Copy each record below faithfully, leaving out images.

** Opening EXERCISE MATERIALS block **

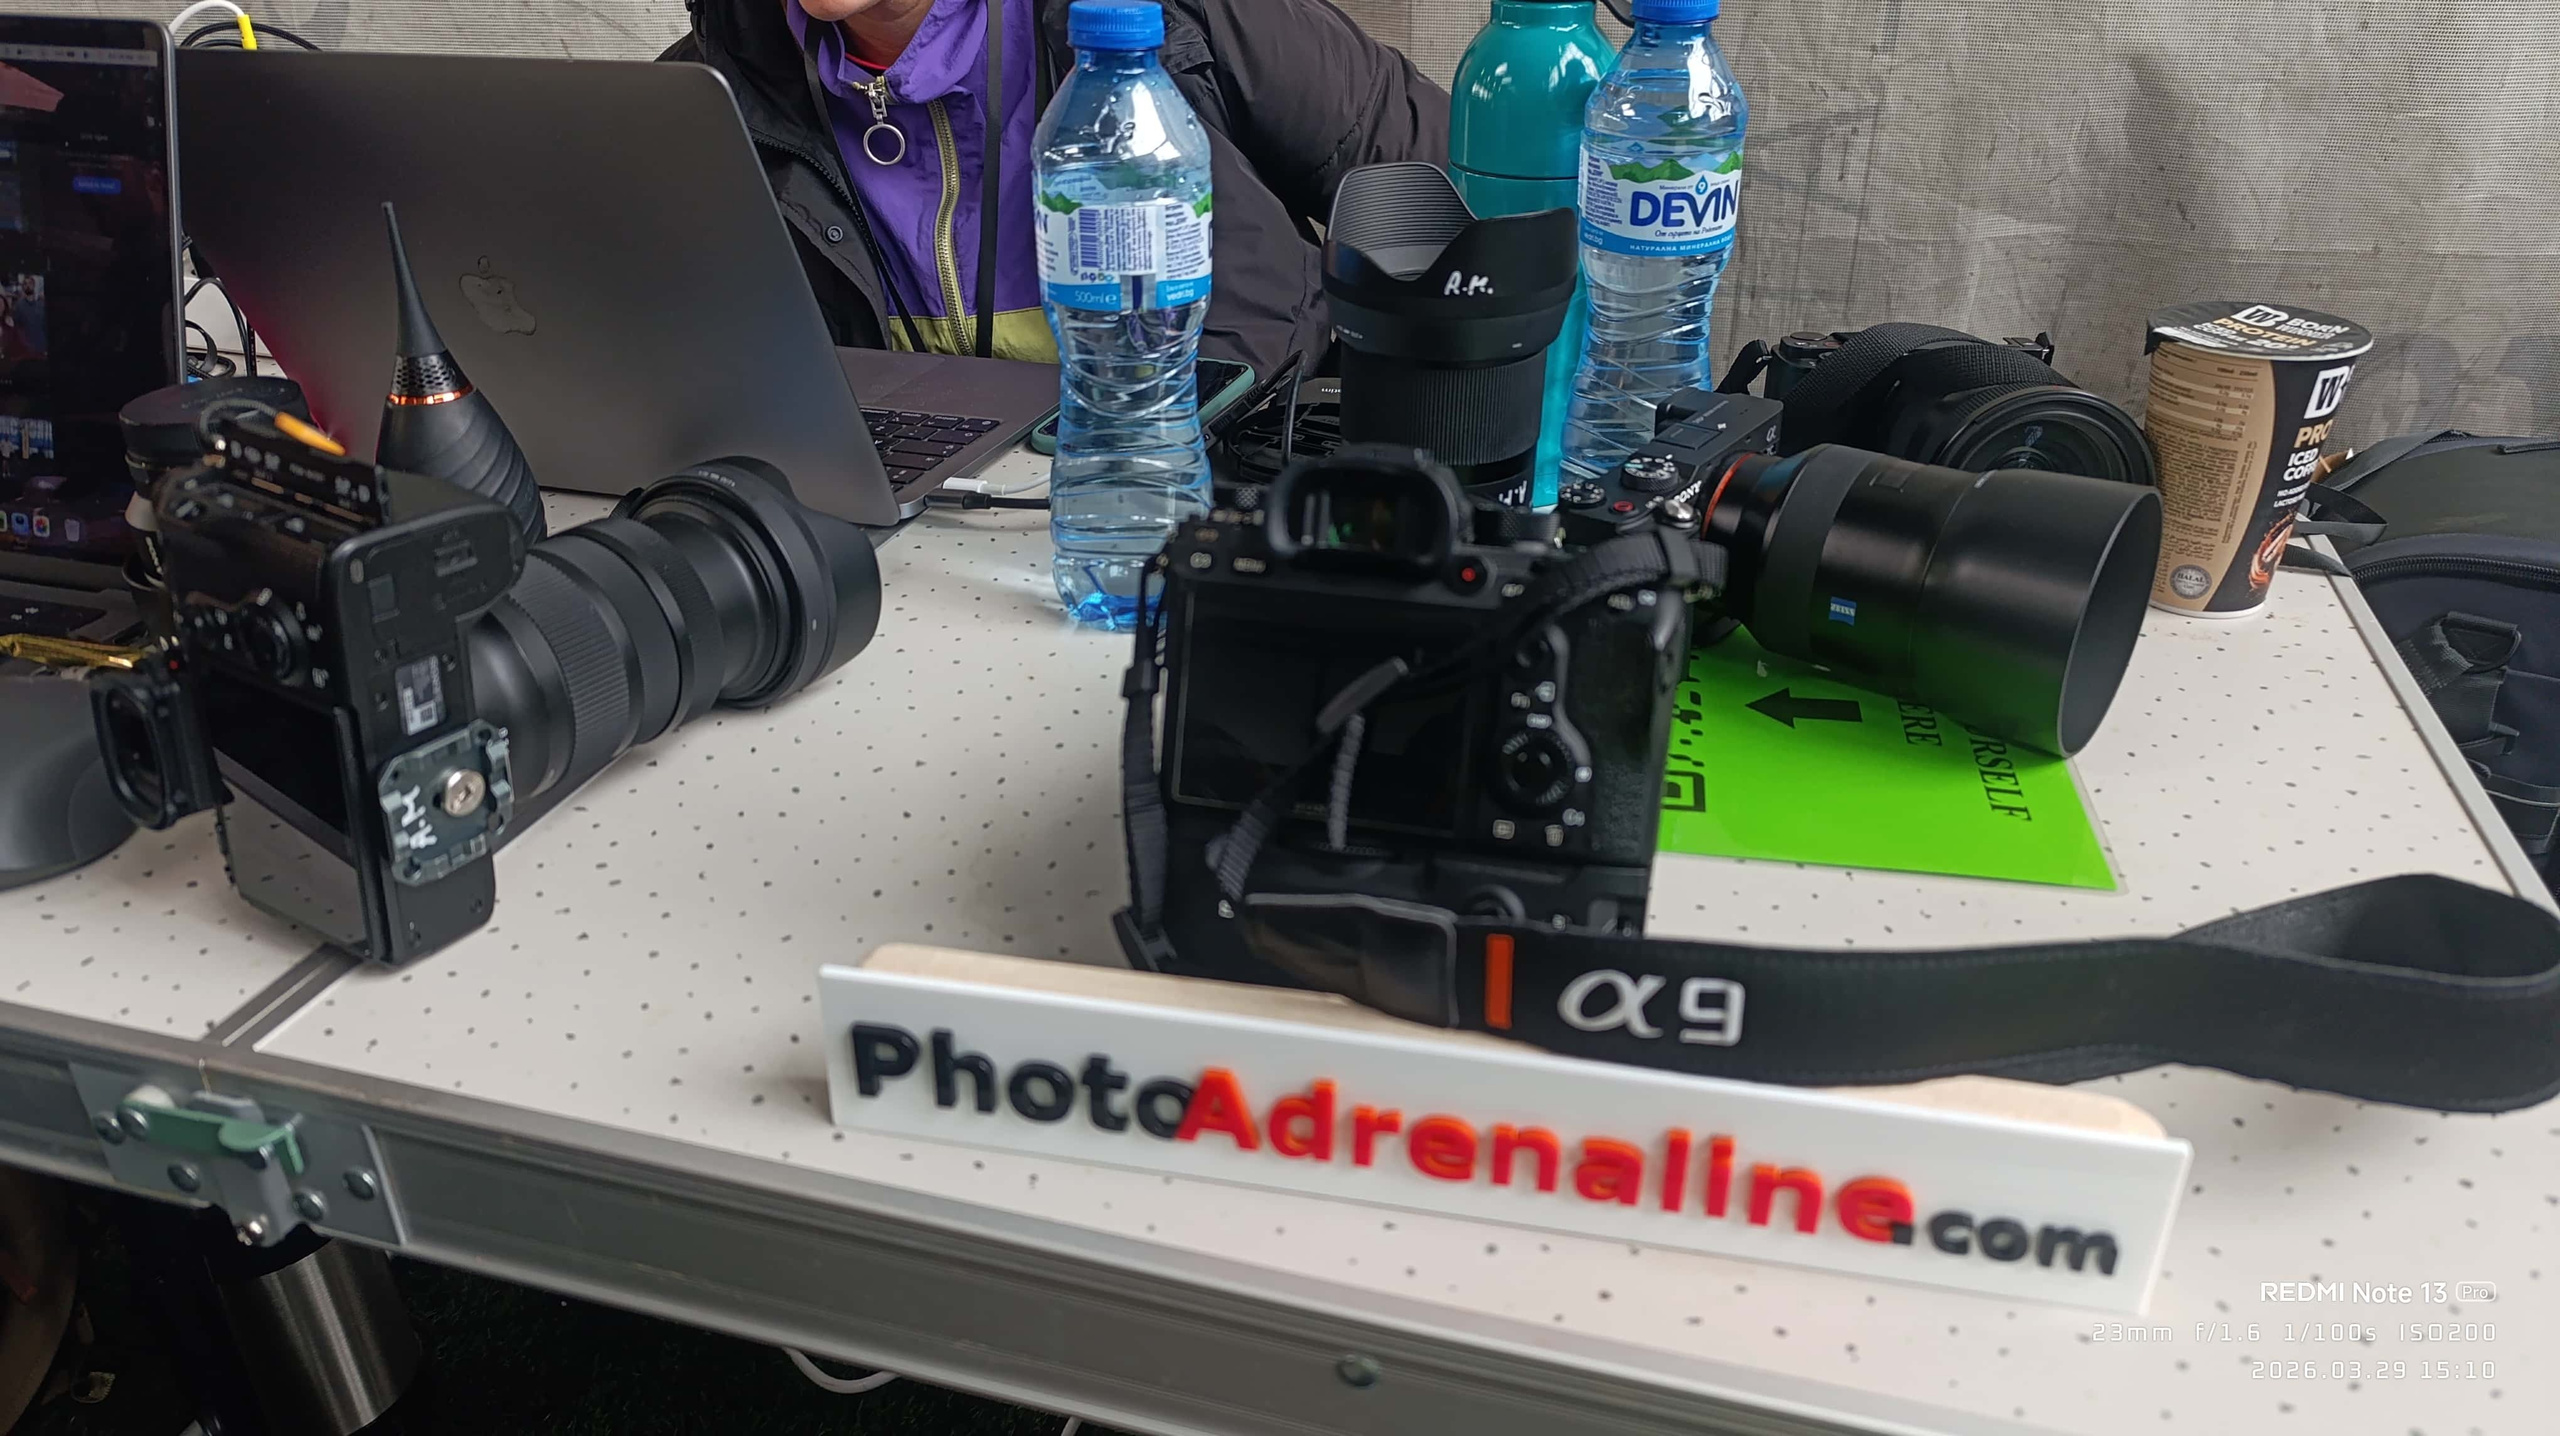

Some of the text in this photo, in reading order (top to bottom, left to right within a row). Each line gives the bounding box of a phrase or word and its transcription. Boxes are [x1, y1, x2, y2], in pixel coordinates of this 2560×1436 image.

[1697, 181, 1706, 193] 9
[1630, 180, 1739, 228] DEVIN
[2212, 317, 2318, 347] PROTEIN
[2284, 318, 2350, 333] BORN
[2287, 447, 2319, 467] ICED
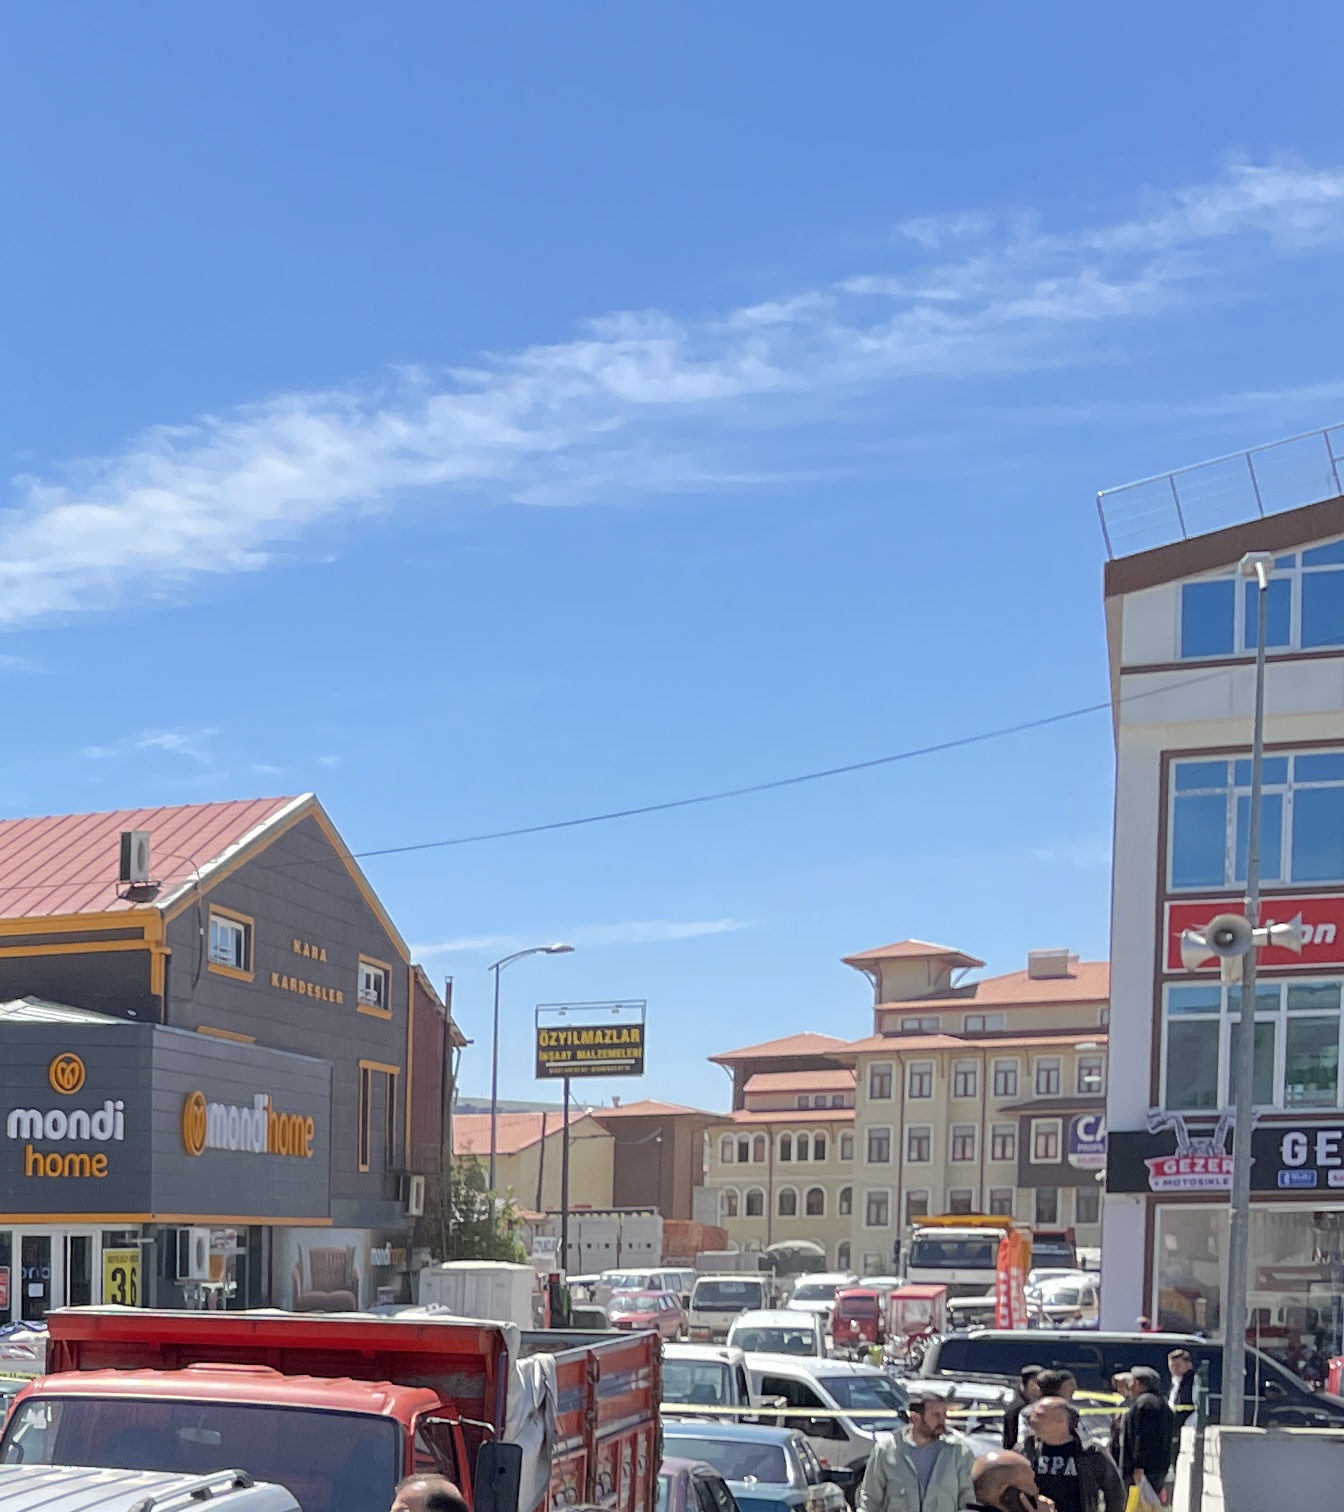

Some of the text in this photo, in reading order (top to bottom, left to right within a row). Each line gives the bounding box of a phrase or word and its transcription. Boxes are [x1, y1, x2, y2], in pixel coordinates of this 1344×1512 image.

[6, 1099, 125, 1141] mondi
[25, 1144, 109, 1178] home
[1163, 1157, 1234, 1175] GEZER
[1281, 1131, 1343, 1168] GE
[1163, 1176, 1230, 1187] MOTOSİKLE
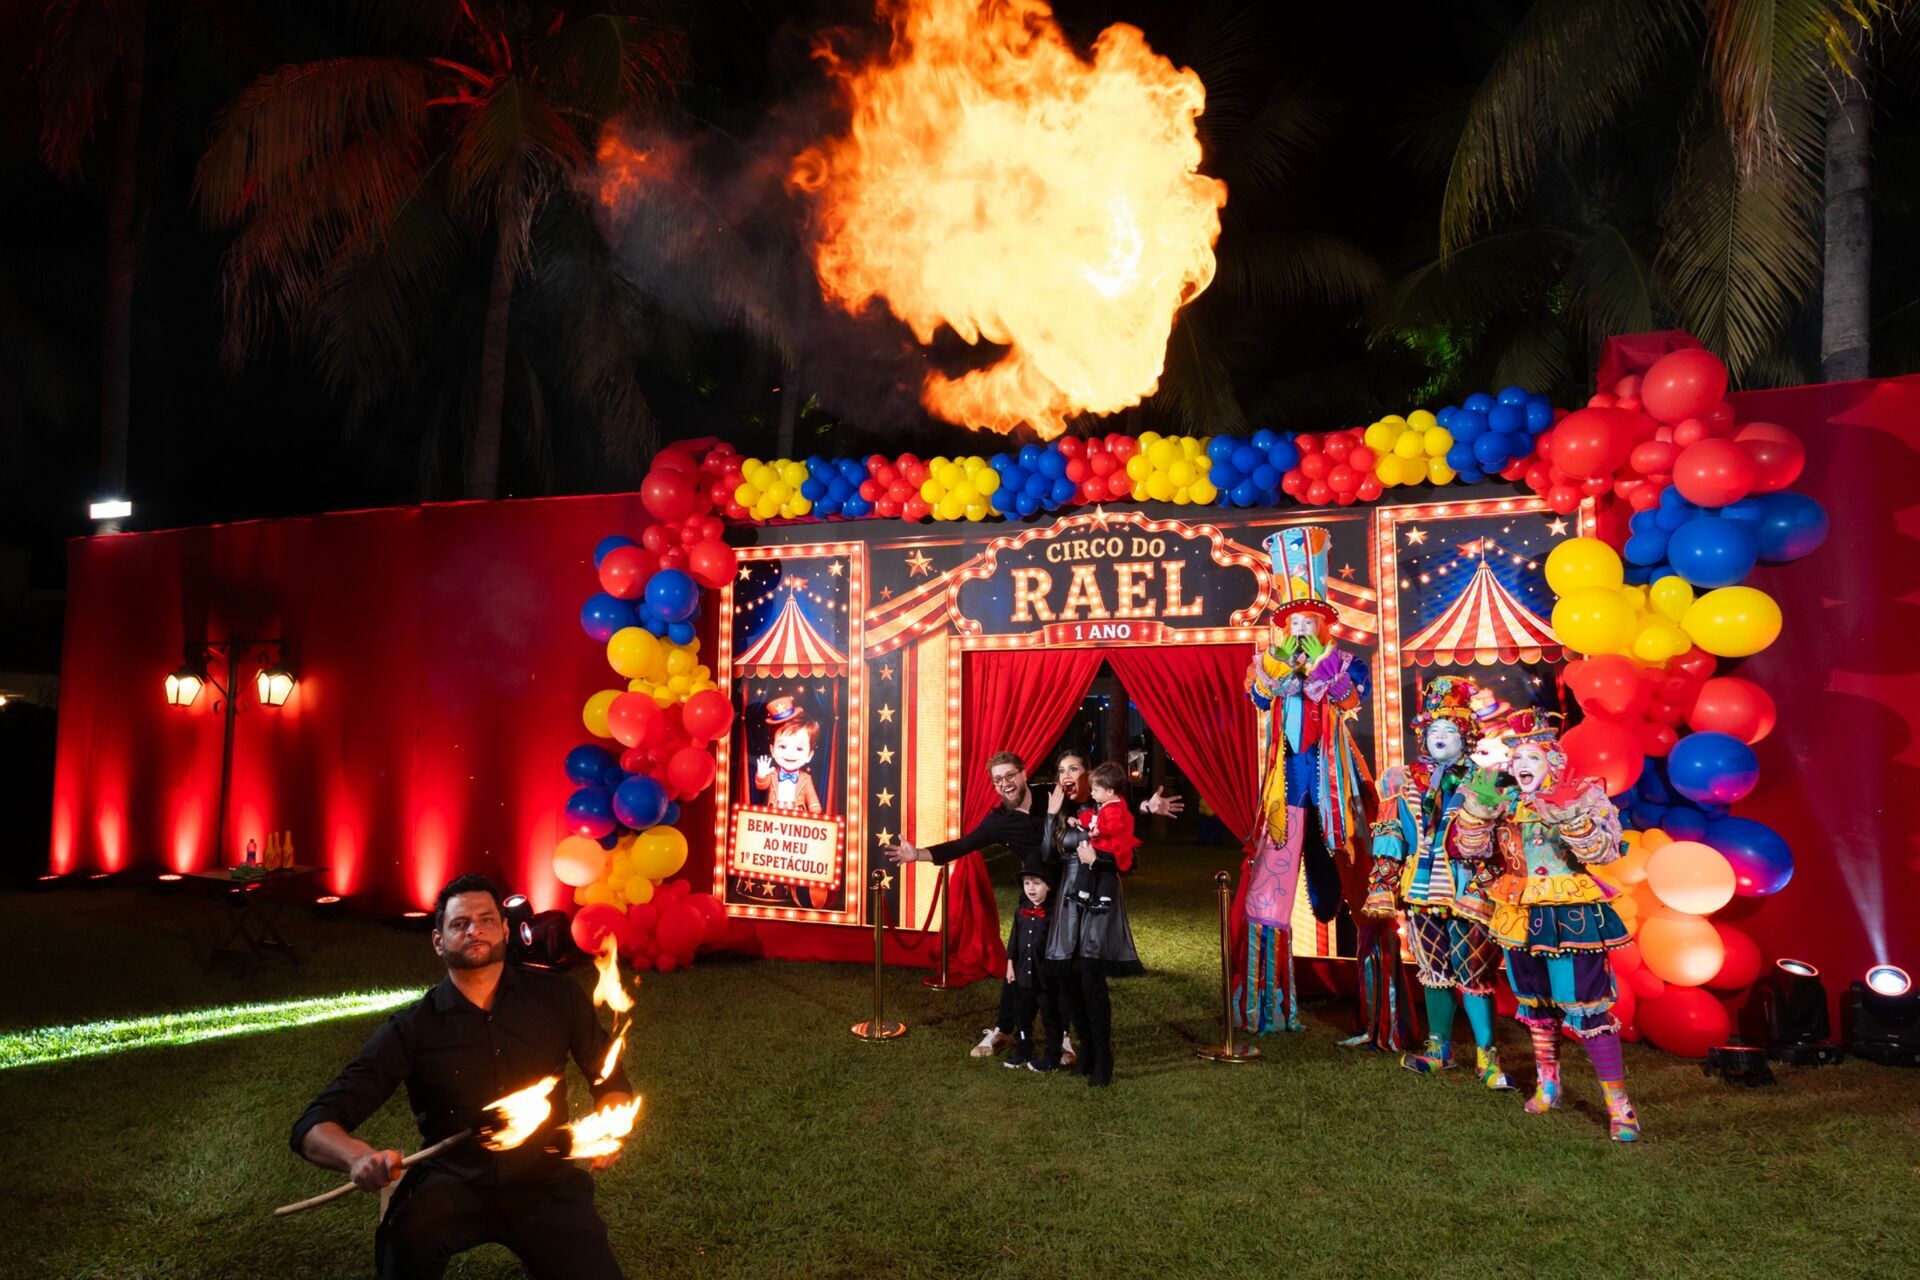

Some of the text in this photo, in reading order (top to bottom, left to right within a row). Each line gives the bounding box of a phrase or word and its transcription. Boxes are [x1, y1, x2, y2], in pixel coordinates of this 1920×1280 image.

** Closing EXERCISE MATERIALS block **

PROBLEM SOLUTION
Some of the text in this photo, in reading order (top to bottom, left to right within a row). Each line gives the bounding box of a phrase or word and its transcription. Boxes are [x1, y1, x2, y2], in pixel coordinates of this 2560×1436 image.

[1697, 181, 1706, 193] 9
[1630, 180, 1739, 228] DEVIN
[2212, 317, 2318, 347] PROTEIN
[2284, 318, 2350, 333] BORN
[2287, 447, 2319, 467] ICED

Some of the text in this photo, in reading order (top to bottom, left to right within a row). Each line gives the bounding box of a phrase or word and its transcription. Boxes are [x1, y1, x2, y2], in pixel coordinates of this 1344×1512 image.

[6, 1099, 125, 1141] mondi
[25, 1144, 109, 1178] home
[1163, 1157, 1234, 1175] GEZER
[1281, 1131, 1343, 1168] GE
[1163, 1176, 1230, 1187] MOTOSİKLE

Some of the text in this photo, in reading order (top to bottom, left to right within a row). Each line gives the bounding box of a phrase or word and its transcription. Boxes are [x1, y1, x2, y2], in pixel coordinates of this 1920×1280 image.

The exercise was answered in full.